WORK INSTRUCTION: Would you print only the lines running from the one with "this 2576×753 image." to the final line of the data below, word for word and without pictures?

INPUT DATA:
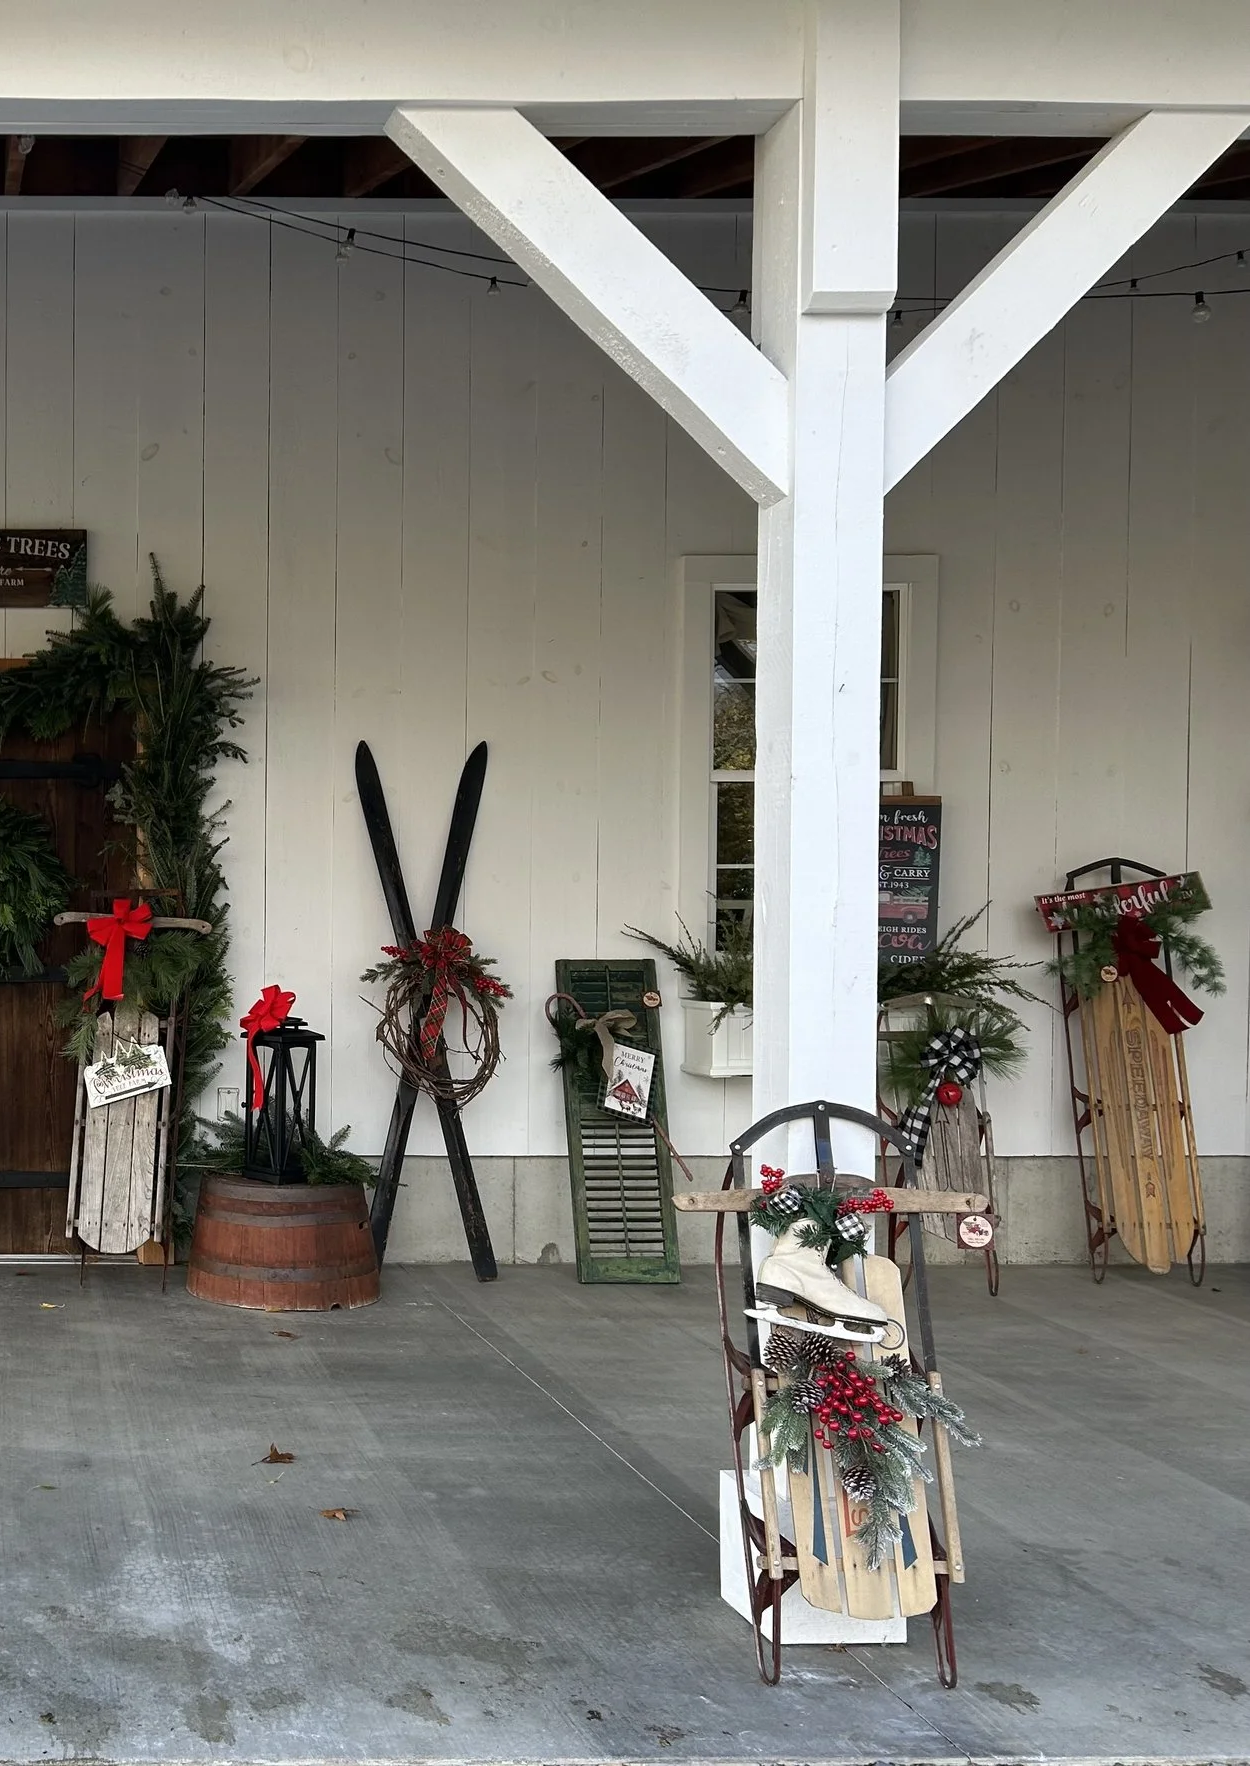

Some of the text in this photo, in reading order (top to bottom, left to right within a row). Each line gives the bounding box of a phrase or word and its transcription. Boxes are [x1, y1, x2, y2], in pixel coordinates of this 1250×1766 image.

[7, 536, 71, 559] TREES
[0, 578, 24, 587] FARM
[894, 809, 929, 825] fresh
[894, 868, 931, 878] CARRY
[1041, 892, 1086, 905] It's the most
[901, 926, 927, 934] RIDES
[622, 1051, 646, 1064] MERRY
[1126, 1029, 1154, 1161] SPEEDAWAY
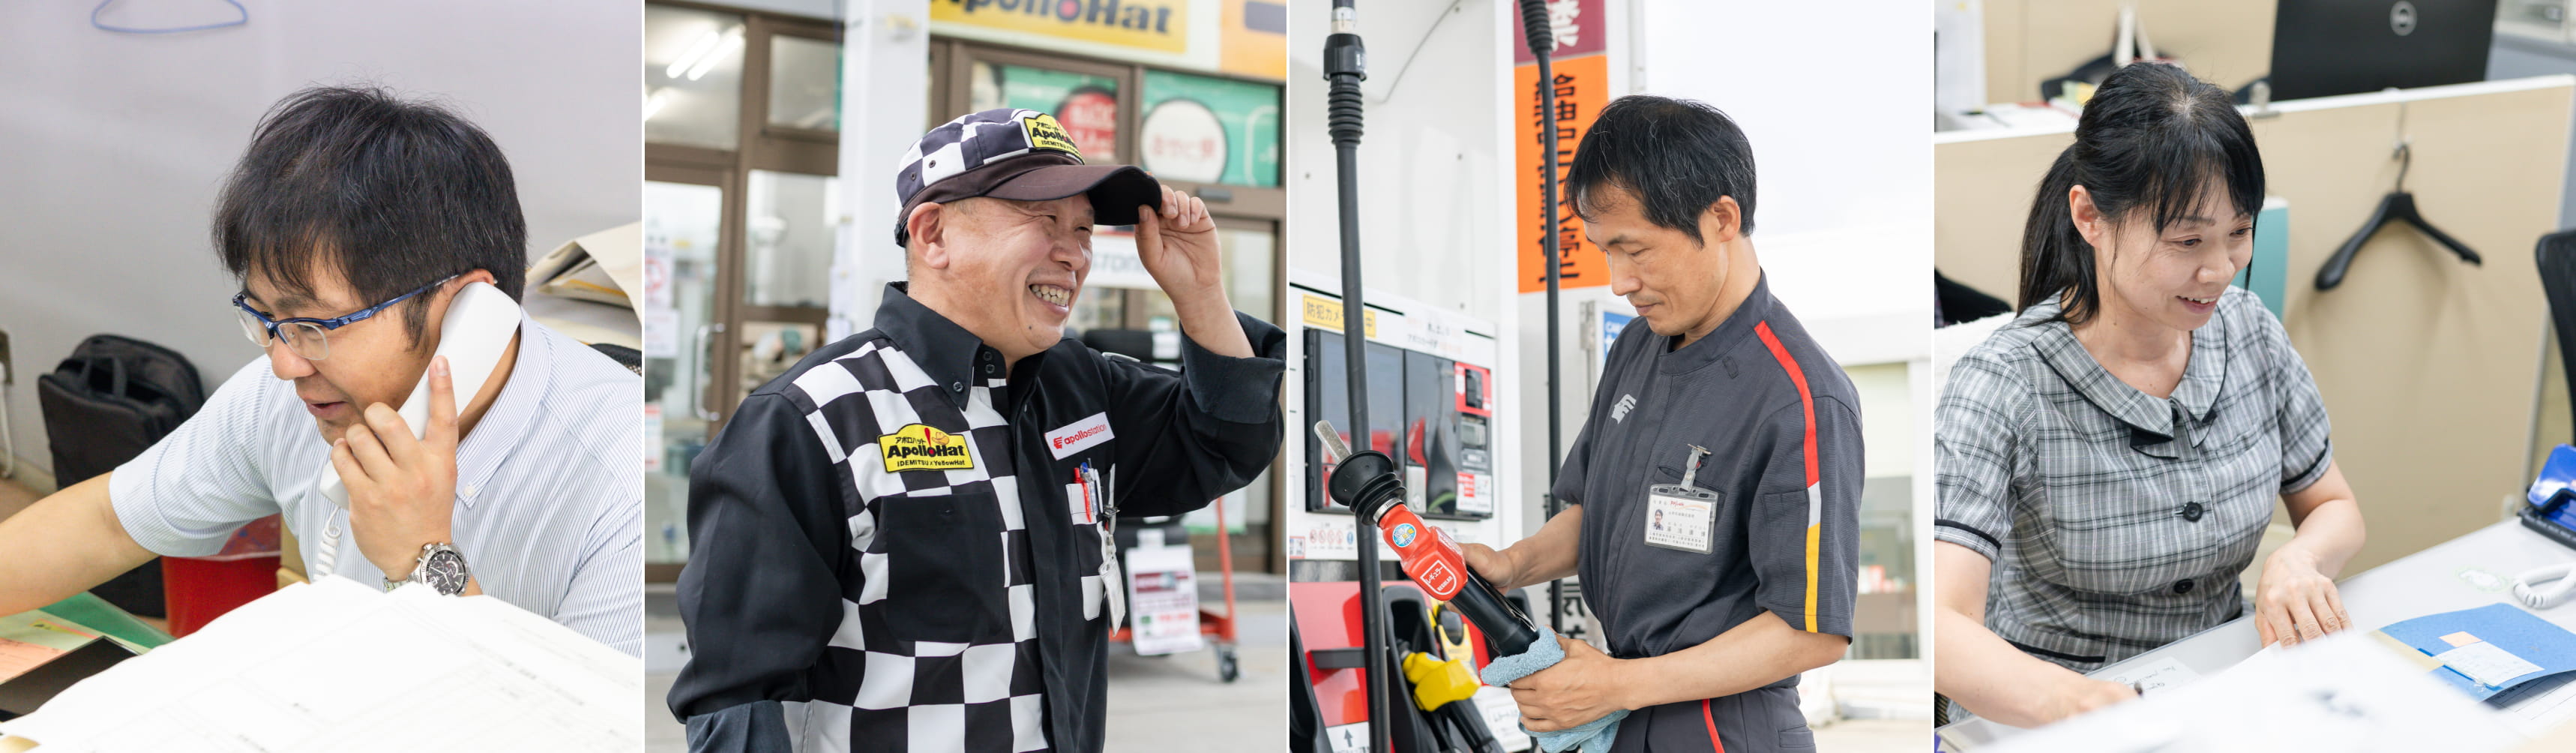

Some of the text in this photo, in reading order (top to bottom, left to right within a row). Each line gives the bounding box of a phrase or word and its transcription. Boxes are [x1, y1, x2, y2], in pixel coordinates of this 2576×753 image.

[895, 436, 927, 445] アポロハット
[1064, 423, 1107, 445] apollostation
[887, 445, 965, 458] ApolloHat
[1424, 566, 1444, 584] レギュラー
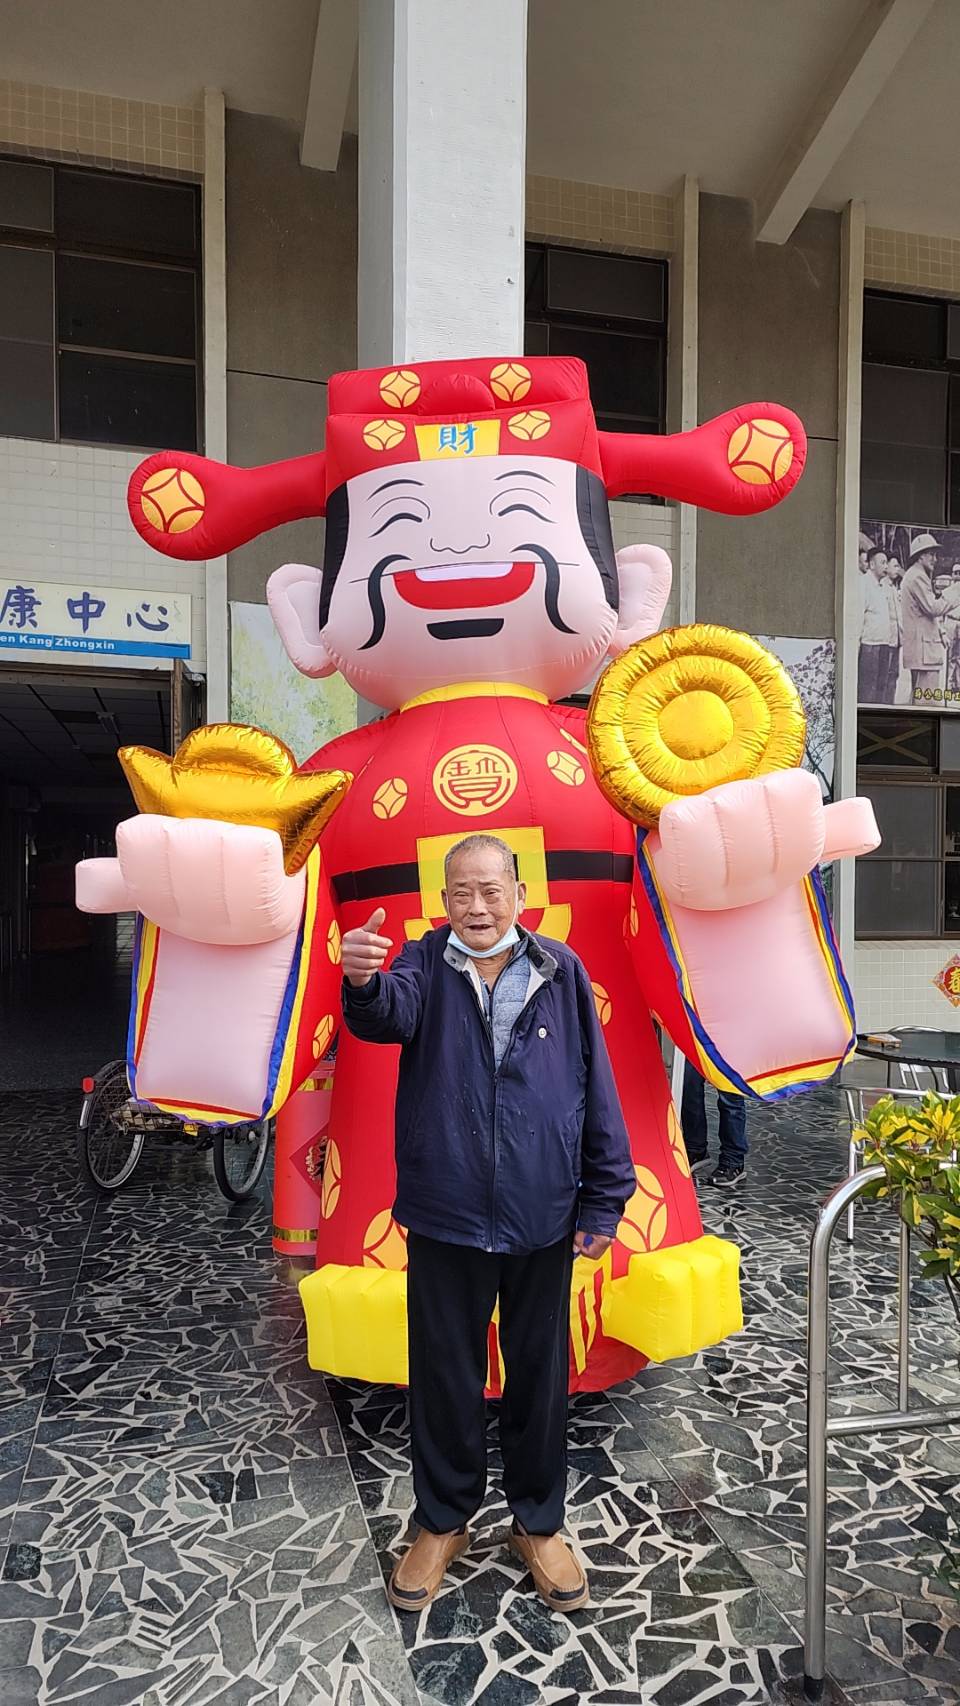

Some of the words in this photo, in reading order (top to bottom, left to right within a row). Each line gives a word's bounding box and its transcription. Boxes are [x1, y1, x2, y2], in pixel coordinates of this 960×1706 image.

[438, 423, 477, 454] 財
[0, 585, 169, 633] 康中心
[19, 634, 52, 648] Kang
[54, 638, 115, 650] Zhongxin

WRITTEN ANSWER:
Some of the text in this photo, in reading order (top to bottom, left to right within a row). Each line gives the bounding box of a phrase or word and its transcription. Boxes are [x1, y1, x2, y2], in pixel coordinates of this 2576×753 image.

[895, 436, 927, 445] アポロハット
[1064, 423, 1107, 445] apollostation
[887, 445, 965, 458] ApolloHat
[1424, 566, 1444, 584] レギュラー

Some of the words in this photo, in reading order (top to bottom, left to right within a row). Each line gives a word's bounding box and its transcription. Boxes are [x1, y1, x2, y2], in pixel coordinates of this 960×1706 image.

[438, 423, 477, 454] 財
[0, 585, 169, 633] 康中心
[19, 634, 52, 648] Kang
[54, 638, 115, 650] Zhongxin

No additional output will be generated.